In any case, it should be examined whether all cases where the performance has become difficult or impossible are in fact casually linked to the pandemic, due to unforeseeable, unavoidable or
insurmountable circumstances. Contracting parties must always exercise their best efforts to perform the contract. The mere fact that performance has become difficult, does not release them from their responsibility (Section 1765 of the Commercial Code, CC).
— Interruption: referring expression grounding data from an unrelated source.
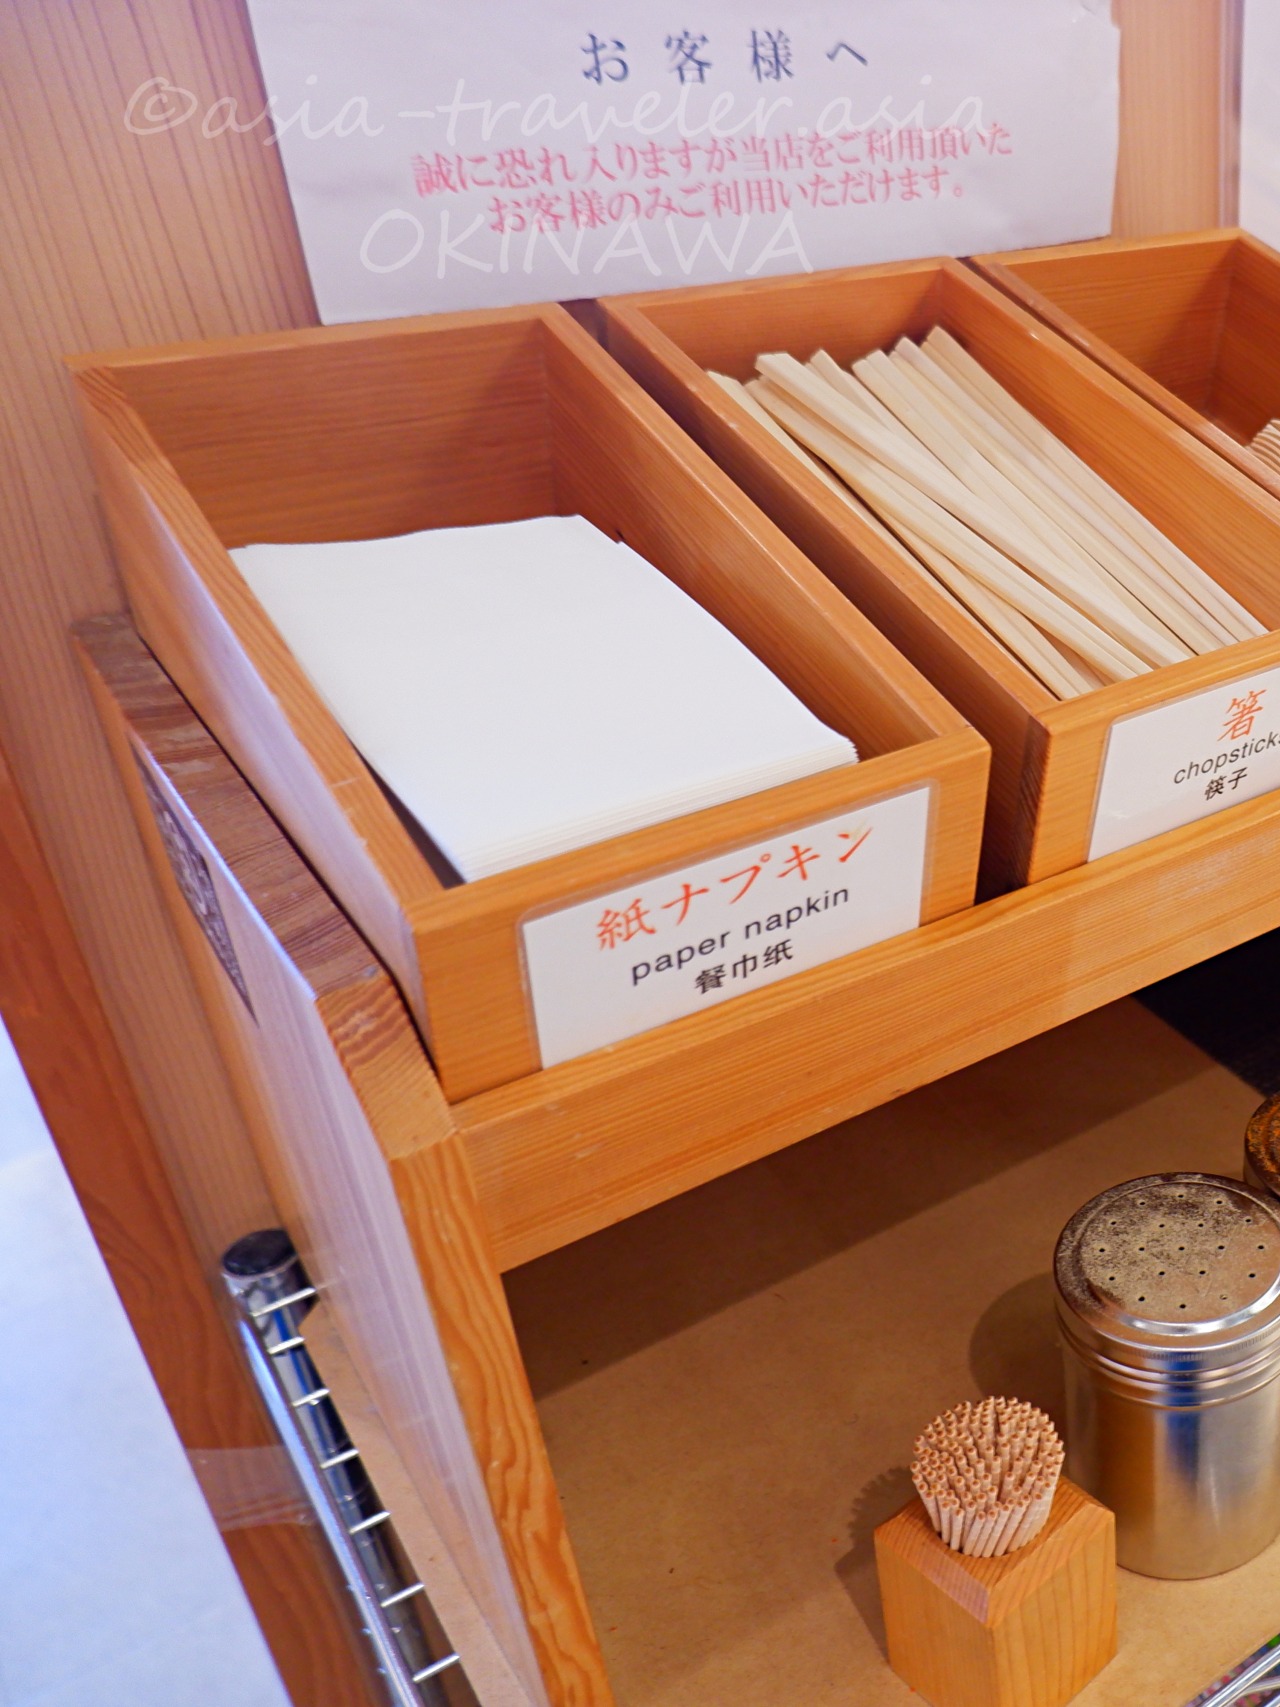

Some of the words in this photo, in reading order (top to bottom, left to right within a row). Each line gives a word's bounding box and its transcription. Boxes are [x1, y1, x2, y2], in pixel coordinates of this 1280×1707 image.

[580, 29, 868, 85] お客様へ
[411, 123, 1013, 197] 誠に恐れ入りますが当店をご利用頂いた
[489, 165, 964, 233] お客様のみご利用いただけます。
[1217, 688, 1267, 741] 箸
[1204, 767, 1248, 801] 筷子
[595, 826, 873, 950] 紙ナプキン
[631, 931, 730, 986] paper
[745, 888, 849, 939] napkin
[694, 939, 794, 994] 餐巾纸
B) Compensation for damages
According to Section 2913 (2) of the Civil Code, tortfeasors (e.g. persons being in default in supplying goods or services) may be released from their duty to provide compensation for damages if they prove that they were prevented from fulfilling their contractual duties due to an “extraordinary, unforeseeable and insurmountable obstacle created independently of their will.“ However, it is important to note that such an obstacle must arise before the tortfeasor is in default in performing the duty.
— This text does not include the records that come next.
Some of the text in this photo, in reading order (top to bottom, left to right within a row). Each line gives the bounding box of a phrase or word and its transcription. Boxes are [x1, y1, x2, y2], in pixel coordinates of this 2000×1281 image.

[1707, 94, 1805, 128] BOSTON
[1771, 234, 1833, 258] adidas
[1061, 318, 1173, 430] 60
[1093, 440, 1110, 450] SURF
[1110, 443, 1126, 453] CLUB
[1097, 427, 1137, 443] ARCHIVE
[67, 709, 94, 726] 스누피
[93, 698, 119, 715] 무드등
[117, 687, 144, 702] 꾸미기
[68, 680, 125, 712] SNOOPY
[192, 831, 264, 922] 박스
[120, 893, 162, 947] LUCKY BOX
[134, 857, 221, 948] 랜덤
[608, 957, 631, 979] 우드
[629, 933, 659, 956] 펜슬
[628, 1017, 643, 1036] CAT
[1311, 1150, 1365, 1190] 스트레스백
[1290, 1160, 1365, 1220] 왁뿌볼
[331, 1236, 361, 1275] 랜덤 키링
The party must prove the existence of the obstacle (force majeure), the force majeure event having to be the main reason for the default.
C) Negotiation of a change of contract (substantial change in circumstances)
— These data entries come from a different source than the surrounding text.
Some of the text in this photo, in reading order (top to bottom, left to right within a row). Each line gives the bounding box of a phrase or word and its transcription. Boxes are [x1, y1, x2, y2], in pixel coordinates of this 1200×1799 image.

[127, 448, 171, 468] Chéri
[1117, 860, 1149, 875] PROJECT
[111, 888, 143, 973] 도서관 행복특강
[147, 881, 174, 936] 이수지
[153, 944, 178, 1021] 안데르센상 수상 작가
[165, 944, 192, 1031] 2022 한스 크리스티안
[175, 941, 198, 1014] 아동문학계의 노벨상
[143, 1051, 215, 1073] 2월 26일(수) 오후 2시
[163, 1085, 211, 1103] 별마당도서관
Theoretically, there is a right to require that the other party resumes the contract negotiations according to Section 1765 of the Civil Code, due to a substantial change in circumstances. If there is such a substantial change in circumstances that creates a particularly gross disproportion in the rights and duties of the parties, the affected party has the right to claim the renegotiation of the contract with the other party. Asserting this right (unlike force majeure) does not entitle the affected party to suspend the performance. The affected party shall not acquire the right if it assumed the risk of a change in circumstances in the contract (this is a quite frequent contractual clause).
However, a change in circumstances does not entirely concern force majeure events since it applies to cases where the situation existing at the time of conclusion of the contract changes significantly after the conclusion of the contract, in particular in the political, economic and technology sphere, thereby substantially disturbing the balance of rights and
duties of the parties in a manner going beyond normal commercial risk.
D) Extinction of contractual obligations (impossibility of performance)
Also, a contracting party may claim impossibility of performance. Where an obligation becomes impossible to fulfil after it has arisen, it shall extinct due to the impossibility of performance. However, the impossibility of performance may be disputed particularly in case of pandemic measures, considering that certain obligations can be met, for example, with the help of another person or after the deadline. Thus, the above provision may only be applied in exceptional cases, or having regard to the nature and duration of the restrictive measures as well as the nature of the contractual obligation (after a certain period of time, some obligations can no longer be fulfilled).
E) Practical recommendations
Notification of the other contracting party
Under Section 2902 of the Civil Code, a person who has breached a legal duty, or who can and should know that they will breach it, shall, without undue delay, notify the person who may suffer the resulting harm, and warn such a person of the possible consequences. This obligation is often expressly provided for in certain commercial contracts. The purpose of this obligation is to prepare the other party for a breach, thereby enabling it to take measures to prevent or mitigate damage.
In certain cases, in particular in international trade, it may be appropriate for a party to obtain a Force Majeure Certificate issued currently by the Czech Chamber of Commerce. For further details on the conditions and the procedure of issuing the certificate please refer to the website (here).
Examination and analysis of important contracts
It is recommended that existing contracts are examined, in particular with regard to more detailed or different provisions on force majeure, taking into account, among other things, the right by which the contractual relation in question shall be governed (in the case of contracts with foreign persons or entities).